Your slaves stand in no need either of your generosity or your counsels, in order to break the sacrilegious yoke of their oppression. Nature speaks a more powerful language than philosophy or interest . . . There are so many indications of the impending storm, and the Negroes want only a chief, sufficiently courageous, to lead them on to vengeance and slaughter. Who is this great man, whom nature owes to her afflicted, oppressed, and tormented children? Where is he? He will undoubtedly appear, he will show himself, he will lift up the sacred standard of liberty.

This venerable signal will collect around him the companions of his misfortunes. They will rush on with more impetuosity than torrents; they will leave behind them, in all parts, indelible traces of their just resentment. Spaniards, Portuguese, English, French, Dutch, all their tyrants will become the victims of fire and sword. The planes of America will suck up with transport the blood which they have so long expected, and the bones of so many wretches, heaped upon one another, during the course of so many centuries, will bound for joy. The Old World will join its plaudits to those of the New. 

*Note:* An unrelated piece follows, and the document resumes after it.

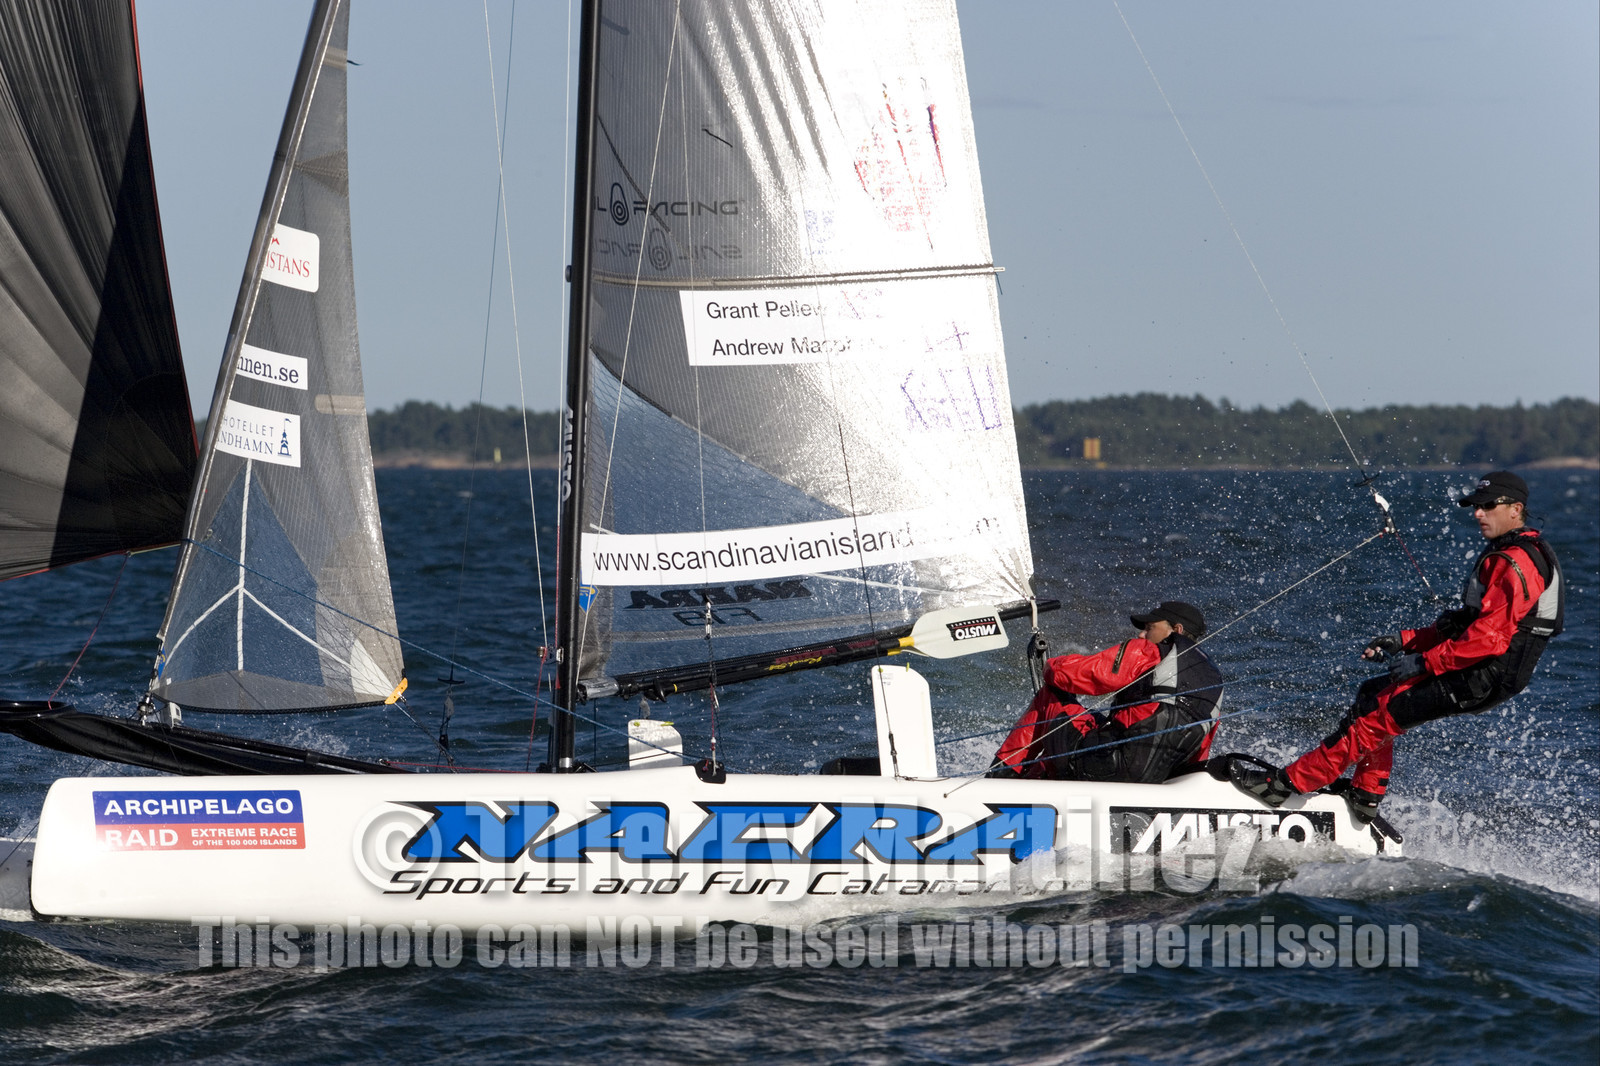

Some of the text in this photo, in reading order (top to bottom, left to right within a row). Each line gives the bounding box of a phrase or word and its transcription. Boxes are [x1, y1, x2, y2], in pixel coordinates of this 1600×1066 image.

In all parts the name of the hero, who shall have restored the rights of the human species, will be blest; in all parts trophies erected to his glory. Then will the black code be no more; and the white code will be a dreadful one, if the conqueror only regards the right of reprisals. Till this revolution shall take place, the Negroes groan under the oppression of labours, the description of which cannot but interest us more and more in their destiny.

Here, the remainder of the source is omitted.